__SUPPLIED ENTRIES__
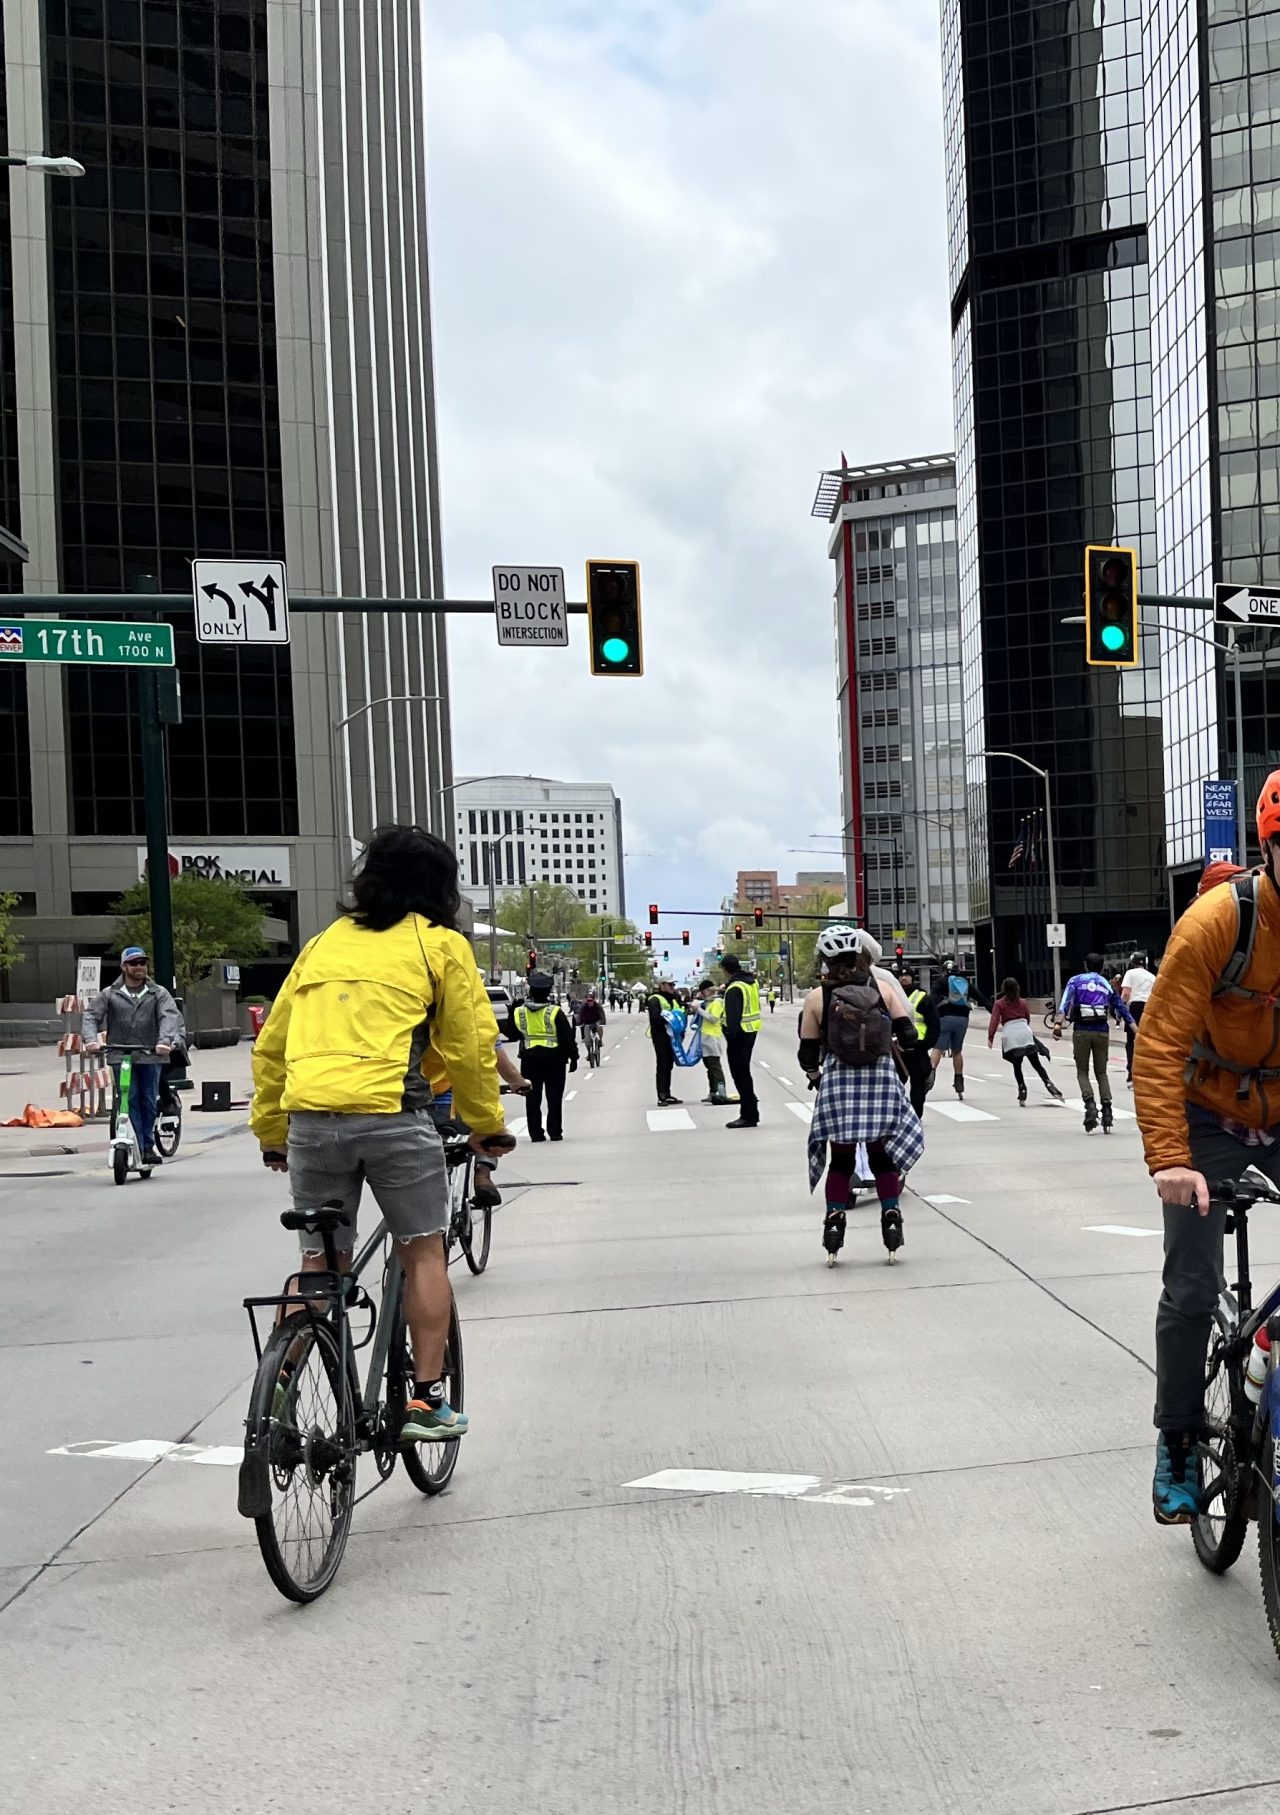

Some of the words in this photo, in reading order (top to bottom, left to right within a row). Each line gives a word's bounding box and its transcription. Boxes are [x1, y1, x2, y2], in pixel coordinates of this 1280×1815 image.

[498, 573, 520, 591] DO
[527, 574, 558, 592] NOT
[500, 602, 561, 620] BLOCK
[1249, 598, 1278, 614] ONE
[202, 622, 242, 635] ONLY
[502, 626, 563, 639] INTERSECTION
[0, 643, 22, 651] ENVER
[37, 628, 104, 656] 17th
[128, 631, 152, 642] Ave
[118, 645, 149, 657] 1700
[155, 646, 164, 657] N
[1205, 784, 1232, 792] NEAR
[1205, 792, 1231, 800] EAST
[1213, 800, 1232, 808] FAR
[1206, 808, 1234, 816] WEST
[181, 855, 221, 870] BOK
[182, 869, 282, 884] NANCIAL

__EXERCISE__
With the pictures omitted, reproduce the data above exactly.

__SOLUTION TO THE PROBLEM__
Some of the words in this photo, in reading order (top to bottom, left to right within a row). Each line gives a word's bounding box and its transcription. Boxes are [x1, y1, x2, y2], in pixel coordinates of this 1280×1815 image.

[498, 573, 520, 591] DO
[527, 574, 558, 592] NOT
[500, 602, 561, 620] BLOCK
[1249, 598, 1278, 614] ONE
[202, 622, 242, 635] ONLY
[502, 626, 563, 639] INTERSECTION
[0, 643, 22, 651] ENVER
[37, 628, 104, 656] 17th
[128, 631, 152, 642] Ave
[118, 645, 149, 657] 1700
[155, 646, 164, 657] N
[1205, 784, 1232, 792] NEAR
[1205, 792, 1231, 800] EAST
[1213, 800, 1232, 808] FAR
[1206, 808, 1234, 816] WEST
[181, 855, 221, 870] BOK
[182, 869, 282, 884] NANCIAL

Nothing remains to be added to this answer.